Mumbai: Citigroup has cut its year-end target for BSE Sensex by nearly 10% to 19,700 from 21,500, citing weak market environment, heightened uncertainty and lower earnings.
“India will also likely lag any sharp global bounce-back,” the Wall Street bank said in a note, adding that the current dip and rally will be much shallower than the 2008 recessions.
The benchmark BSE index has fallen 16.5% year to date.
The house says that it expects India’s negatives -- high valuations, inflation, the Reserve Bank of India’s tight monetary stance, GDP downgrades and an apparent policy paralysis--may have already peaked.
“In fact, with lower global growth and commodity markets, most of these headwinds could well turn into tailwinds,” it said.

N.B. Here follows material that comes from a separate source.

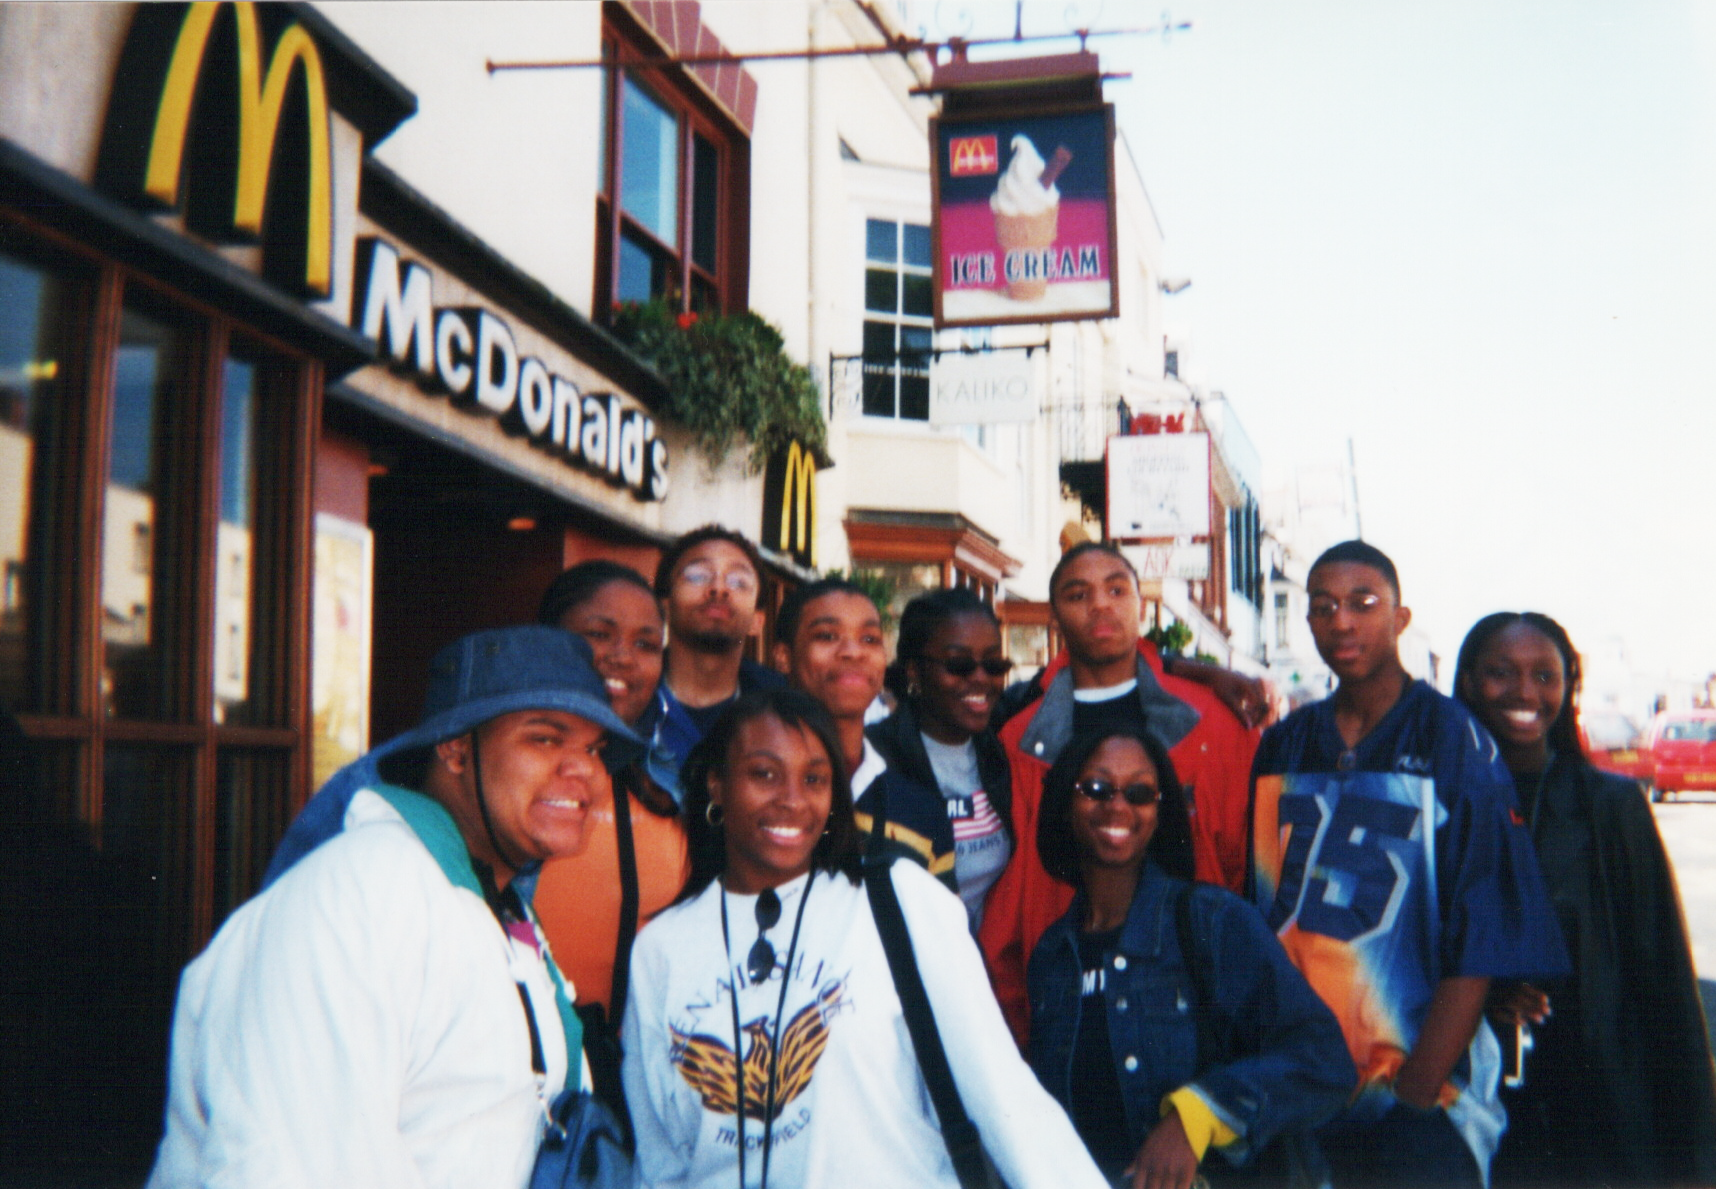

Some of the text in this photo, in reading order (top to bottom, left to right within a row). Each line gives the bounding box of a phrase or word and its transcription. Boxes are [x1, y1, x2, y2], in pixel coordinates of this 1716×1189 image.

[950, 245, 1101, 285] ICE CREAM
[364, 242, 668, 500] McDonald's

Citi, however, expects a 15% upside from current Sensex levels which is currently trading at 17,154.39 at 12.10 pm.
Citi has revised its model portfolio for India saying it was bullish on banks and autos.
Citi raised the auto sector to ‘overweight’ from ‘underweight’ and maintained its ‘overweight’ rating on the banks, telecom and pharmaceuticals while it cut metals to ‘underweight’ from ‘neutral’ and reduced real estate to ‘neutral’.
It also cut ‘overweight’ rating on energy and the gas space to a neutral, with an increase in bias toward the oil marketing companies.